A rally in Tanzania with a helicopter/CREDIT: Chadema

Photo used with permission by Chadema.

I have unearthed many of the intricacies of these practices in Tanzania, but this is a process which is underway, and perhaps has been for some time, in many other places, not least in Africa. It is vividly apparent if one watches the live-streamed, no-expense spared mega-rallies of national leaders, from President Bola Tinubu in Nigeria to Nelson Chamisa in Zimbabwe. Yet, most importantly, there are signs that these innovations in rally production are being adopted by parliamentary and indeed municipal candidates. At the extreme, in Kenya, helicopters have been adopted en masse, perhaps by as many as one in six politicians.

In some ways, of course, this path has been trodden before, in different places and for many years. It was trodden in the integration of stenographers in Victorian Britain to make rallies not only mass events but simultaneously press events. It was trodden in the incorporation of cameras in 1930s USA to make them simultaneously events for cinematic newsreels.

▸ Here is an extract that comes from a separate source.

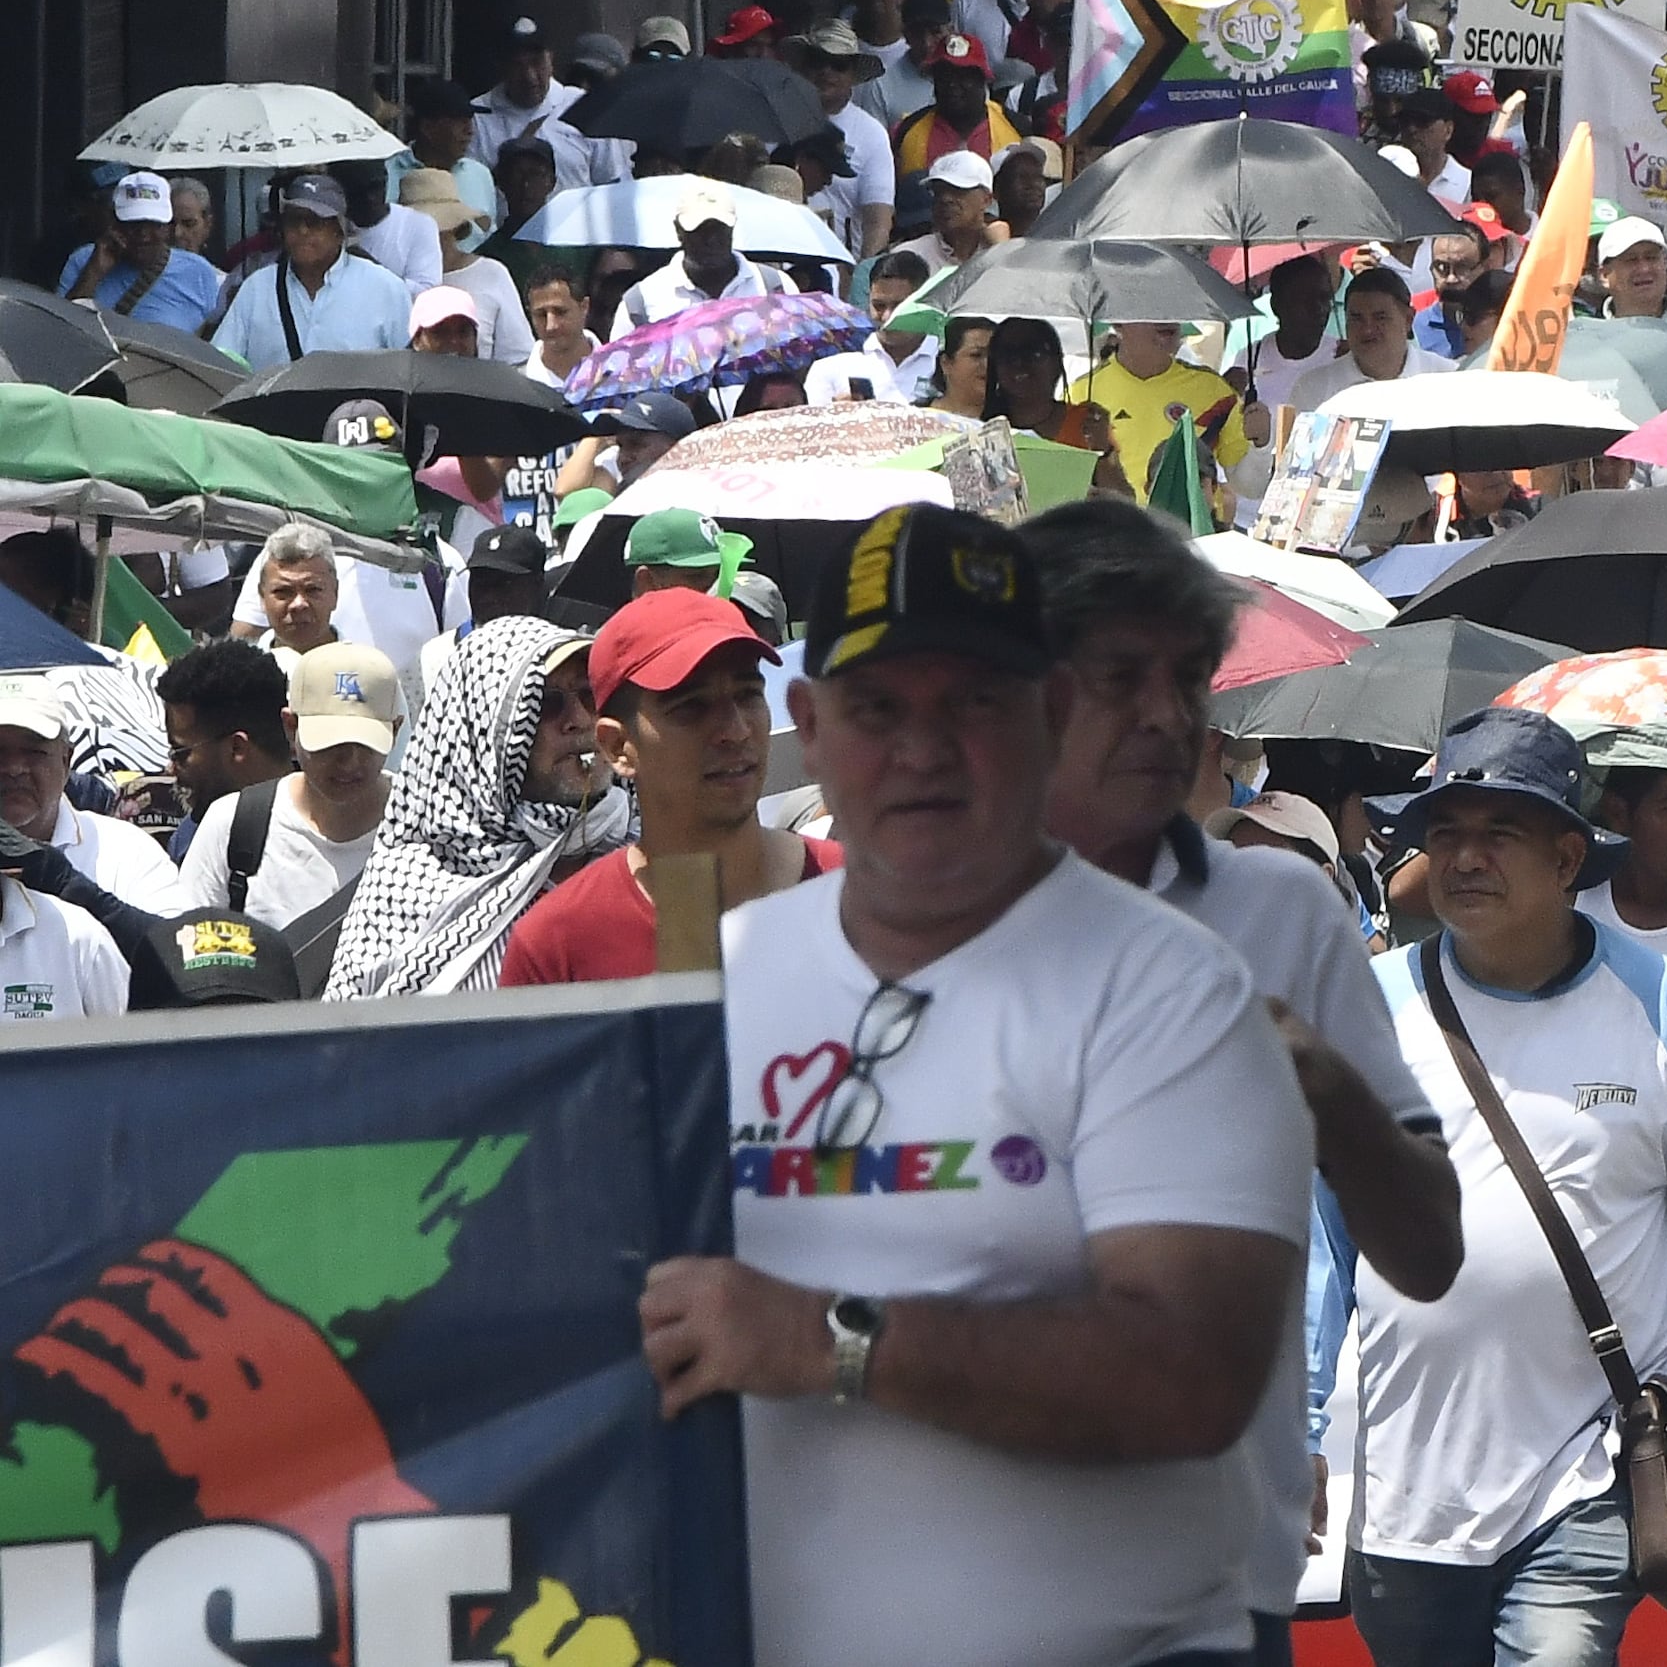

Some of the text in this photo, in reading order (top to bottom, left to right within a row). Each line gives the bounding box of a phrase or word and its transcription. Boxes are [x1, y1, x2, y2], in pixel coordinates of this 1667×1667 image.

But what I argue is that as this process of transformation takes place in Tanzania, it changes what politicians need to produce rallies, and compete in election campaigns. They used to need people to undertake all of those time-consuming activities. In the Tanzanian context, that meant that they needed party structures, which could recruit and organise activists. Now they need people and money, money to pay for all of those costly devices. That means, increasingly, that to produce rallies and compete in elections, candidates have to be rich or have the support of rich persons. In other words, candidates used to need organizations. Now they need financiers. Rallies are changing, and it matters.

Dr. Dan Paget is a lecturer in politics at the University of Aberdeen. You can find more of his work at danpaget.com.